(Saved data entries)
_ _ _ _ _

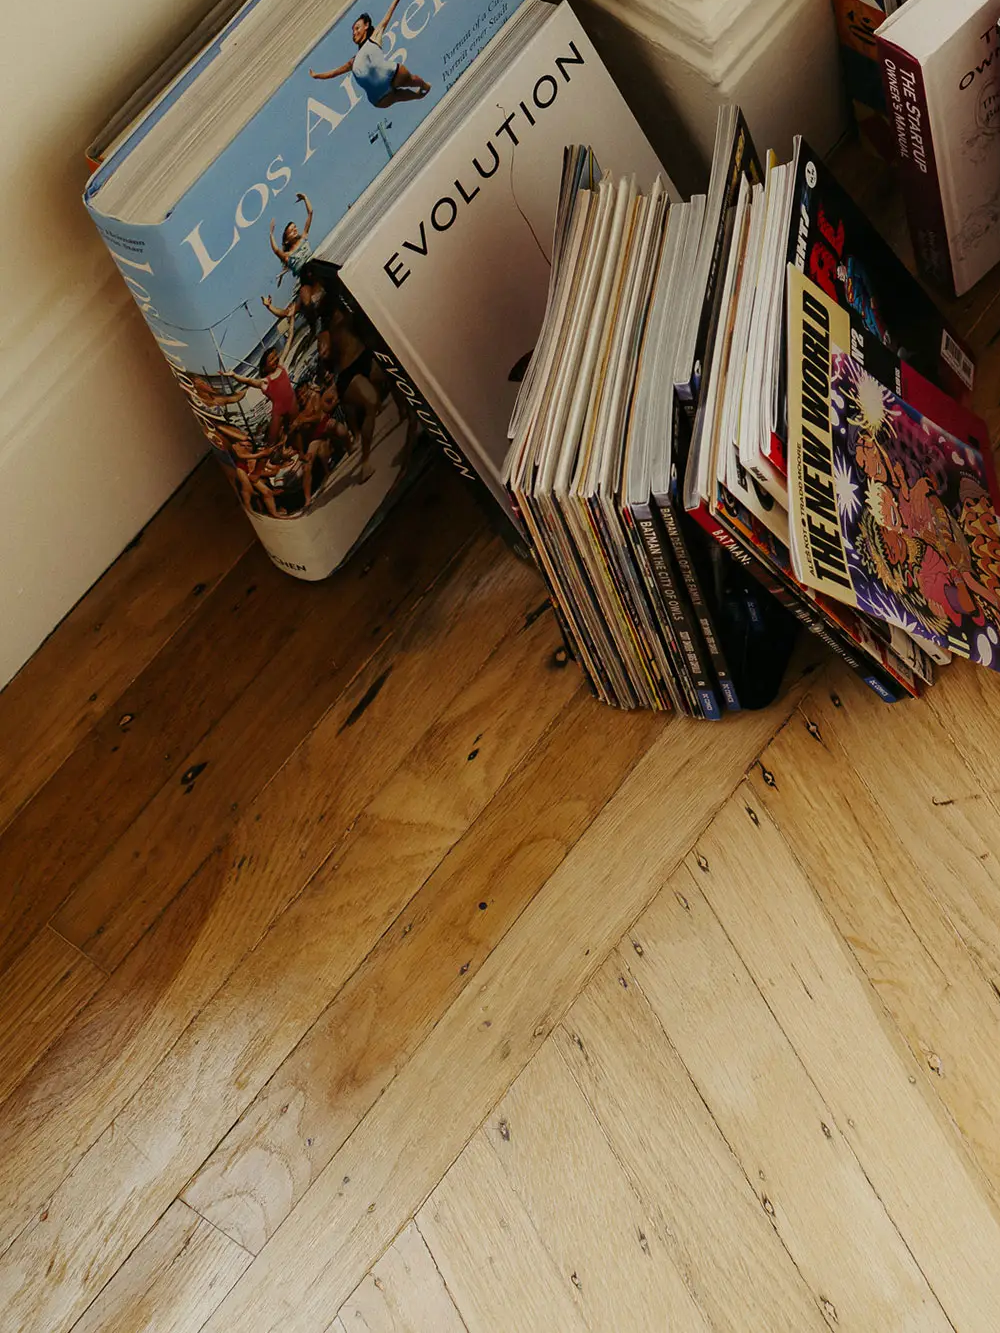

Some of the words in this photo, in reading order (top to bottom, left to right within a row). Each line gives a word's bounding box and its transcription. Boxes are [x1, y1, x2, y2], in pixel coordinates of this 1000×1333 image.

[899, 68, 916, 104] THE
[884, 58, 901, 110] OWNER'S
[893, 109, 908, 158] MANUAL
[906, 104, 928, 173] STARTUP
[383, 40, 585, 289] EVOLUTION
[181, 154, 292, 283] Los
[802, 290, 831, 433] WORLD
[373, 350, 476, 480] EVOLUTION
[802, 424, 839, 526] NEW
[798, 482, 806, 518] TRADD
[640, 521, 662, 555] BATMAN
[660, 507, 678, 535] BATMAN
[801, 528, 809, 550] KOT
[652, 553, 668, 570] THE
[711, 528, 752, 566] BATMAN:
[807, 515, 852, 590] THE
[658, 569, 672, 590] CITY
[666, 588, 677, 601] OF
[668, 599, 685, 621] OWLS
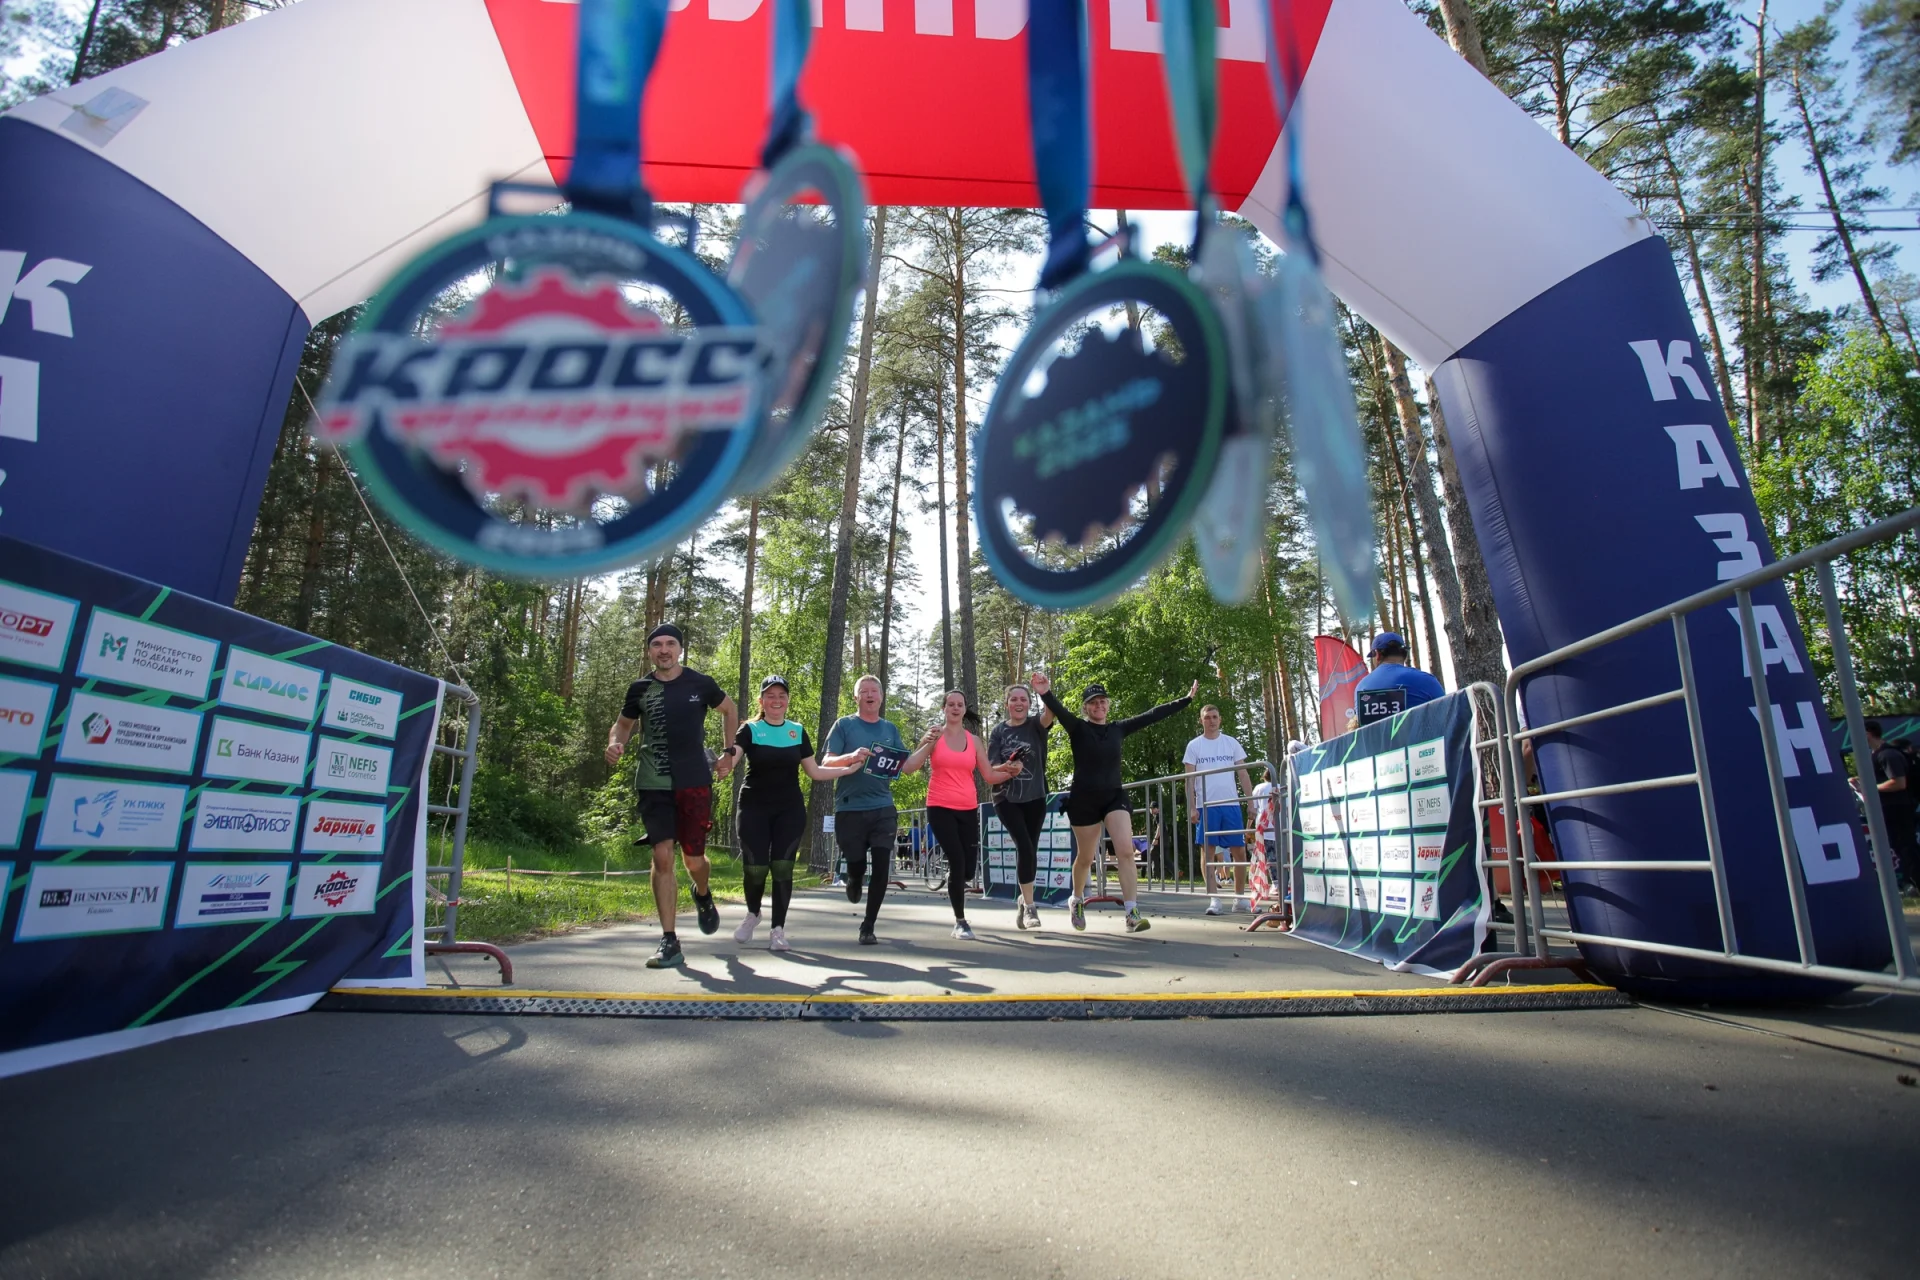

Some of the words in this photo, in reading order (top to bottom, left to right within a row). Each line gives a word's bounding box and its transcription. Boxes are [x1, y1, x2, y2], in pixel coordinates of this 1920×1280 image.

[339, 341, 758, 400] КРОСС
[1628, 339, 1860, 885] КАЗАНЬ
[0, 611, 51, 635] ОРТ
[134, 649, 148, 659] ПО
[149, 652, 179, 666] ДЕЛАМ
[136, 640, 203, 663] МИНИСТЕРСТВО
[132, 658, 182, 676] МОЛОДЕЖИ
[184, 670, 195, 678] РТ
[348, 689, 382, 706] СИБУР
[350, 711, 375, 722] КАЗАНЬ
[1364, 701, 1401, 716] 125.3
[118, 720, 132, 729] СОЮЗ
[133, 722, 161, 732] МОЛОДЕЖИ
[237, 744, 261, 758] Банк
[263, 748, 300, 764] Казани
[348, 756, 378, 772] NEFIS
[877, 756, 900, 771] 87.1
[348, 770, 377, 780] cosmetics
[123, 799, 136, 808] УК
[138, 800, 166, 810] ПЖКХ
[313, 816, 376, 838] Зарница
[314, 878, 358, 895] КРОСС
[42, 890, 70, 905] 93.5
[73, 891, 128, 904] BUSINESS
[129, 886, 160, 904] FM
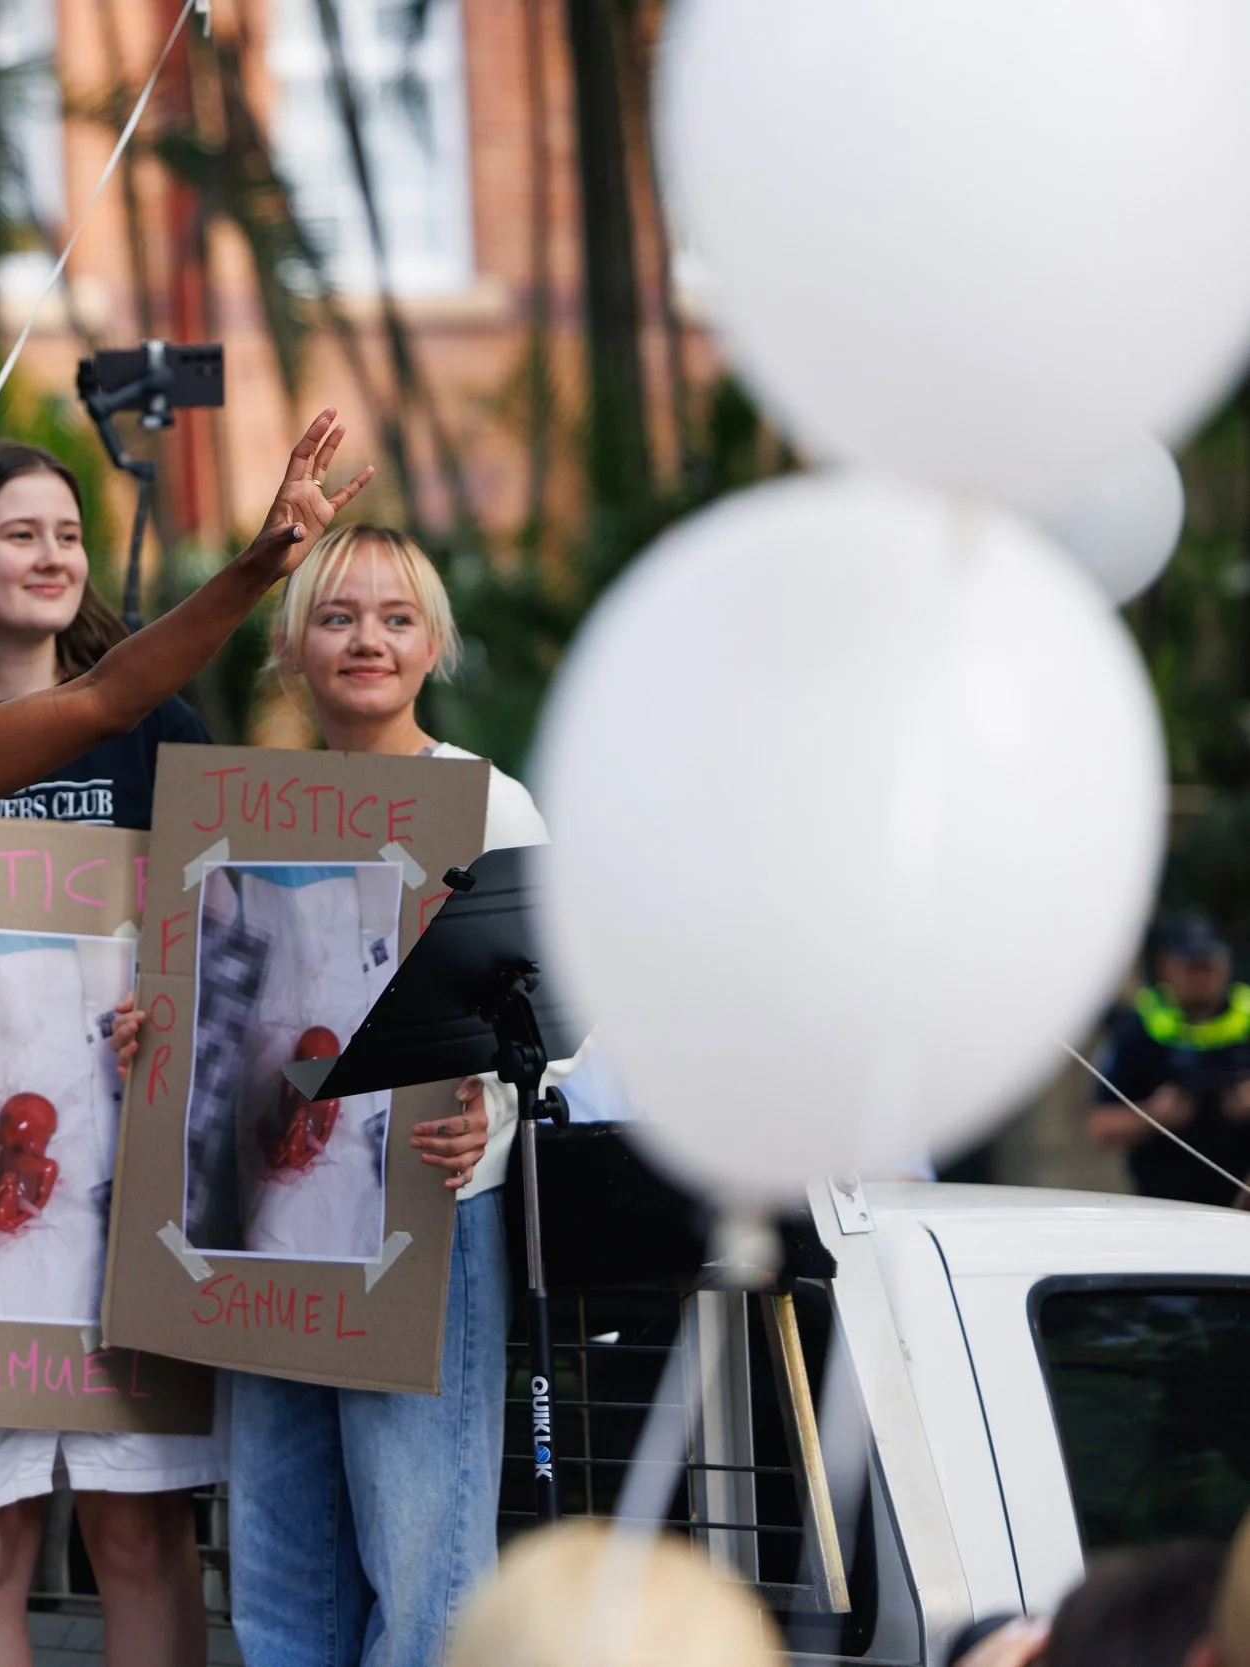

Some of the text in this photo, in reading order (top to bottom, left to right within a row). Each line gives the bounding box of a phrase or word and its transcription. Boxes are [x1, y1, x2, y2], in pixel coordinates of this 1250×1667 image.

[52, 788, 114, 819] CLUB
[192, 766, 417, 843] JUSTICE
[531, 1375, 553, 1479] QUIKLOK

_ _ _ _ _

--- Your task ---
The required output is the line holding "Some of the text" plus every line after it in the data, reproduced exactly.

--- Your solution ---
Some of the text in this photo, in reading order (top to bottom, left to right within a row). Each line gives the bounding box of a phrase or word and its transcription. Boxes are [x1, y1, x2, y2], in pixel coordinates of this 1250×1667 image.

[52, 788, 114, 819] CLUB
[192, 766, 417, 843] JUSTICE
[531, 1375, 553, 1479] QUIKLOK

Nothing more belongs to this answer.